=== EXERCISE AIM ===
Would you copy every record exactly as it stands and drop the pictures?

=== RECORDED DATA ===
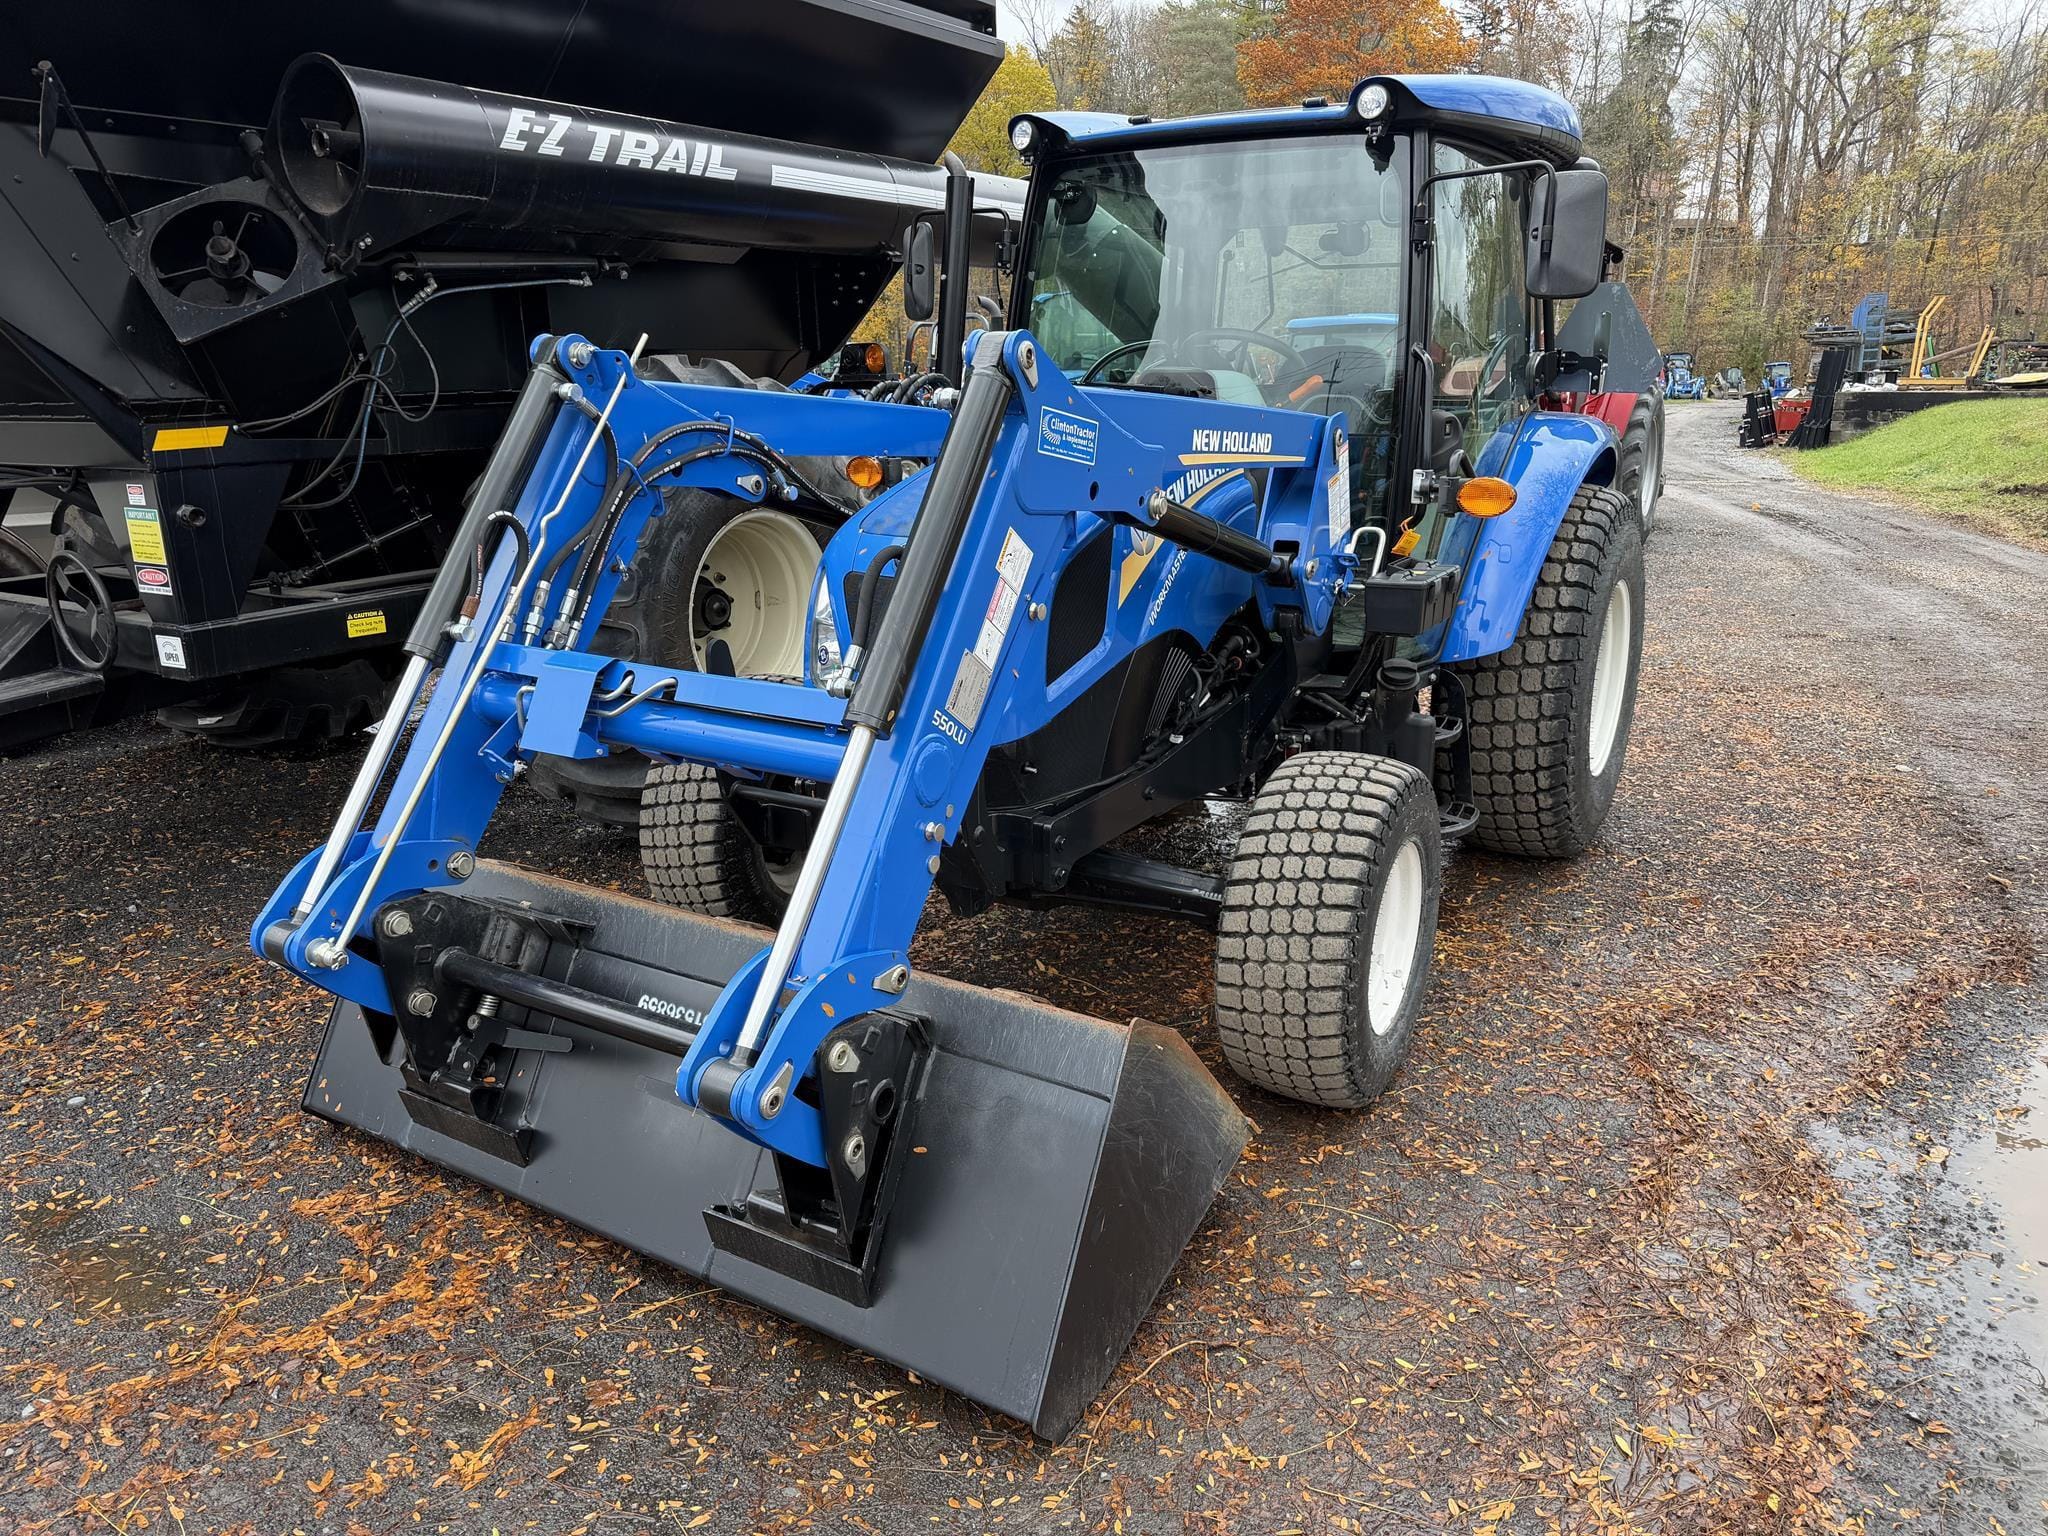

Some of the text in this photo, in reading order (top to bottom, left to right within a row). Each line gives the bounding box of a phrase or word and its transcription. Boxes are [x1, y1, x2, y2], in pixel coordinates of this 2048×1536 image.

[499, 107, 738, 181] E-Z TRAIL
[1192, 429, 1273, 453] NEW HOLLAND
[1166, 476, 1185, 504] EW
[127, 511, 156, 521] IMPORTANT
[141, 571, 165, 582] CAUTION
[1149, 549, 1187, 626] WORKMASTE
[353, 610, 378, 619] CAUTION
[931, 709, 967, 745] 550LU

=== SOLVED EXERCISE ===
Some of the text in this photo, in reading order (top to bottom, left to right within a row). Each line gives the bounding box of a phrase or word and its transcription. Boxes are [x1, y1, x2, y2], in pixel coordinates of this 2048×1536 image.

[499, 107, 738, 181] E-Z TRAIL
[1192, 429, 1273, 453] NEW HOLLAND
[1166, 476, 1185, 504] EW
[127, 511, 156, 521] IMPORTANT
[141, 571, 165, 582] CAUTION
[1149, 549, 1187, 626] WORKMASTE
[353, 610, 378, 619] CAUTION
[931, 709, 967, 745] 550LU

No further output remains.